2. WM should incorporate price feeds and transactions data from a broader range of sources to further increase its coverage of the FX market during the fixing window, provided it is assured that the additional sources are of sufficient quality and are representative of the market. WM should regularly assess its coverage as market structure continues to evolve. In that regard the group also proposes that in the short term, WM develop its methodology to utilise the transactional and quote information from both Thomson Reuters Matching and EBS, wherever both are available.

3. WM should expand their consultation activities to include a named user group to consider the proposed changes to the calculation methodology and to ensure it remains appropriate going forward.

4. The group supports the findings of the IOSCO review of WM and endorses the recommendations for improvement contained in that review.

5. The group considers that, where central banks publish reference rates, it is the responsibility of each to set internal procedures and they should at least take note of guidance from the IOSCO principles, especially where central bank reference rates are intended for transaction purposes.

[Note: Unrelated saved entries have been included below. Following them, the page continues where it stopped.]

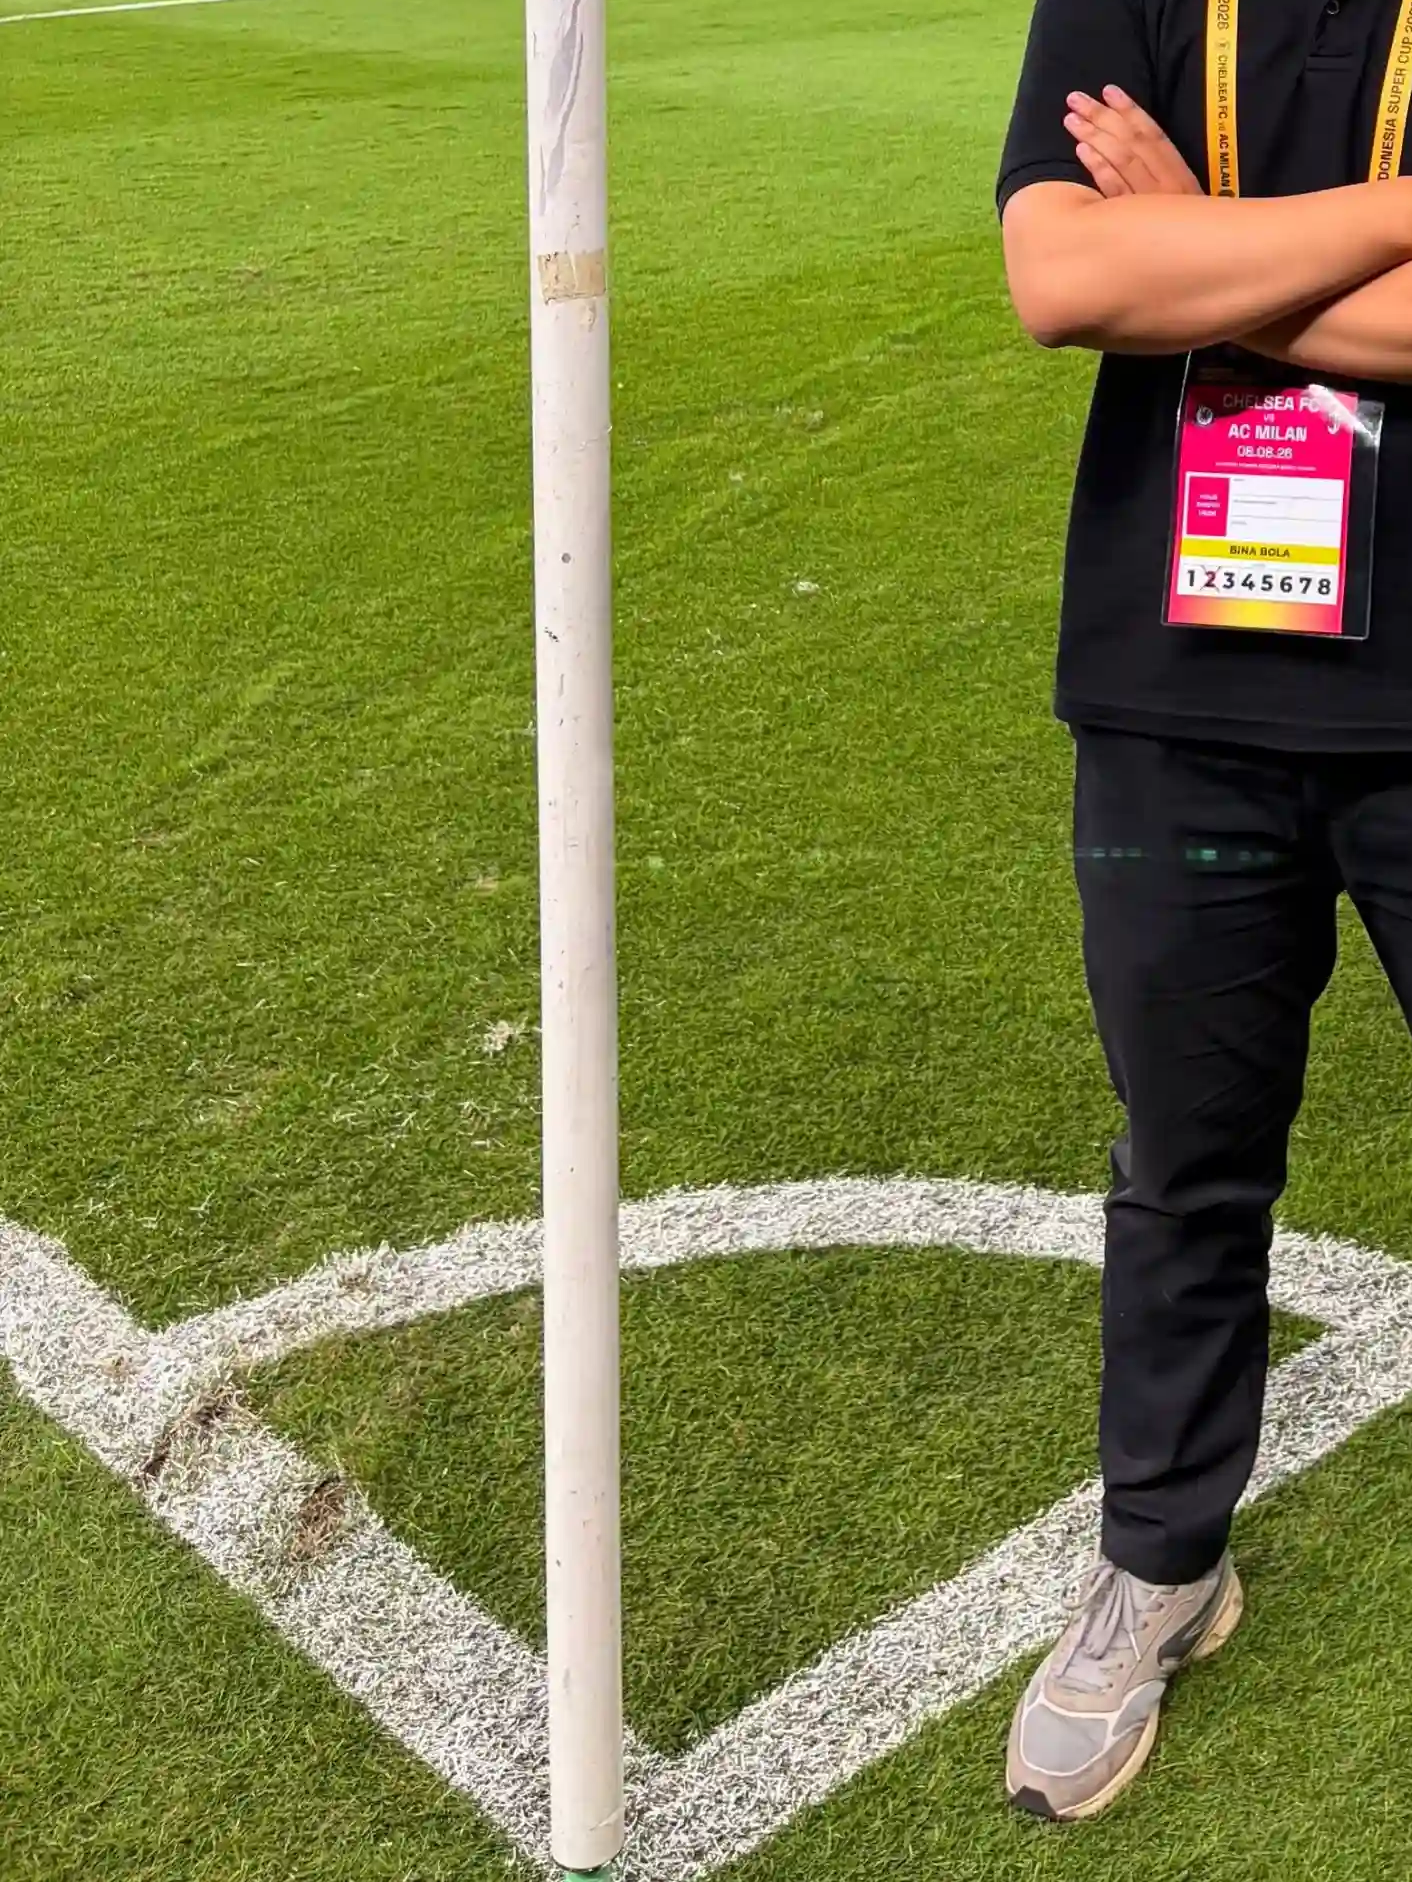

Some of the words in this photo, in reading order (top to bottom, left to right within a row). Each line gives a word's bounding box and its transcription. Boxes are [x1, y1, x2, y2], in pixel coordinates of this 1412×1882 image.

[1217, 55, 1228, 103] CHELSEA
[1387, 67, 1406, 115] SUPER
[1397, 38, 1412, 64] CUP
[1218, 105, 1228, 119] FC
[1219, 134, 1229, 149] AC
[1220, 152, 1231, 187] MILAN
[1223, 393, 1294, 411] CHELSEA
[1228, 423, 1251, 439] AC
[1255, 424, 1307, 442] MILAN
[1229, 545, 1256, 557] BINA
[1260, 546, 1290, 558] BOLA

6. The group supports the development of industry-led initiatives to create independent netting and execution facilities for transacting fix orders.

7. The group recommends that fixing transactions be priced in a manner that is transparent and is consistent with the risk borne in accepting such transactions. This may occur via applying a bid-offer spread, as is typical in FX transactions, or through a clearly communicated and documented fee structure such as a direct fee or contractually agreed price. This should occur in the context of dealers having committed to the internal process reforms and codes of behavior detailed below.

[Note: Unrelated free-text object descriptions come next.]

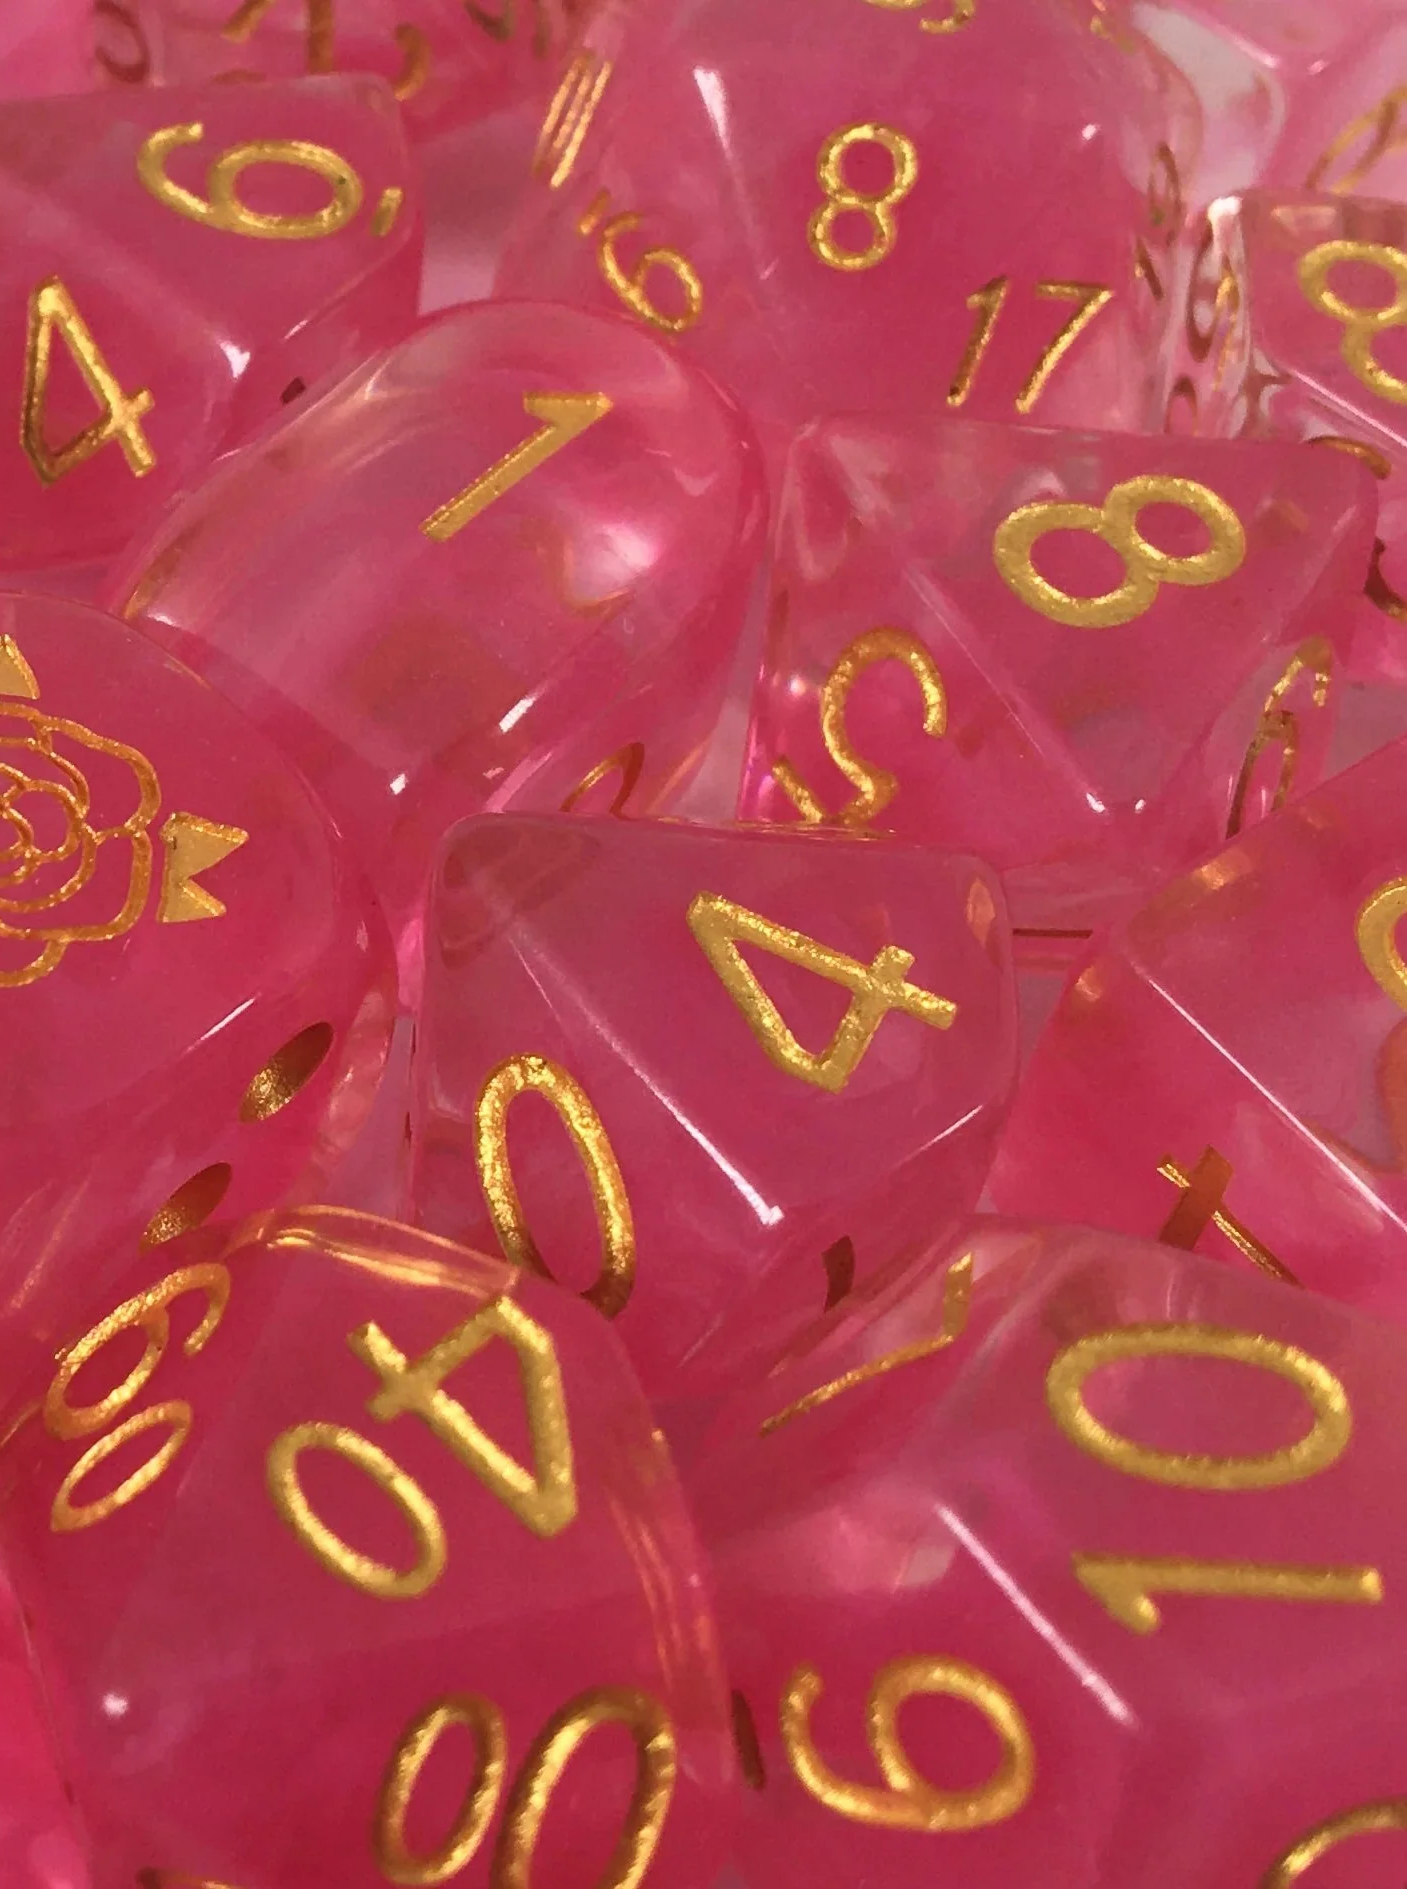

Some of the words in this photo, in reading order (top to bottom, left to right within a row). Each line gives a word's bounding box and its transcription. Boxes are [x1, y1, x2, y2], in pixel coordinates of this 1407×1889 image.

[807, 121, 917, 271] 8
[20, 275, 156, 487] 4
[945, 276, 1115, 414] 17
[420, 390, 612, 542] 1
[993, 474, 1246, 628] 8
[687, 892, 958, 1094] 4
[474, 1052, 637, 1319] 0
[265, 1294, 578, 1598] 40
[1045, 1321, 1385, 1636] 10
[369, 1684, 677, 1889] 00

8. The group recommends that banks establish and enforce their internal guidelines and procedures for collecting and executing fixing orders including separate processes for handling such orders.

9. Market-makers should not share information with each other about their trading positions beyond that necessary for a transaction. This covers both individual trades, and their aggregate positions.

10. Market-makers should not pass on private information to clients or other counterparties that might enable those counterparties to anticipate the flows of other clients or counterparties, including around the fix.

11. More broadly, the group recommends that banks establish and enforce their internal systems and controls to address potential conflicts of interest arising from managing customer flow.

12. Codes of conduct that describe best practices for trading foreign exchange should detail more precisely and explicitly the extent to which information sharing between marketmakers is or is not allowed. They also should, where appropriate, incorporate specific provisions on the execution of foreign exchange transactions including fixing orders.

13. The group recommends stronger demonstration by market participants of compliance with the codes of the various foreign exchange committees, as well as their internal codes of conduct.

14. The group recommends that index providers should review whether the foreign exchange fixes used in their calculation of indexes are fit for purpose.

15. The group recommends that asset managers, including those passively tracking an index, should conduct appropriate due diligence around their foreign exchange execution and be able to demonstrate that to their own clients if requested. Asset managers should also reflect the importance of selecting a reference rate that is consistent with the relevant use of that rate as they conduct such due diligence. Based on discussions with the relevant market sectors, the group believes that all the recommendations above can and will be accepted and implemented by the market groups concerned. This should deliver a substantial improvement in market structure and conduct. But investigations into alleged misconduct are ongoing across a range of markets, and it is possible that the authorities will ultimately conclude that regulatory change is needed to promote or ensure appropriate behaviours and/or to implement the recommendations of this report.

The full report is available here.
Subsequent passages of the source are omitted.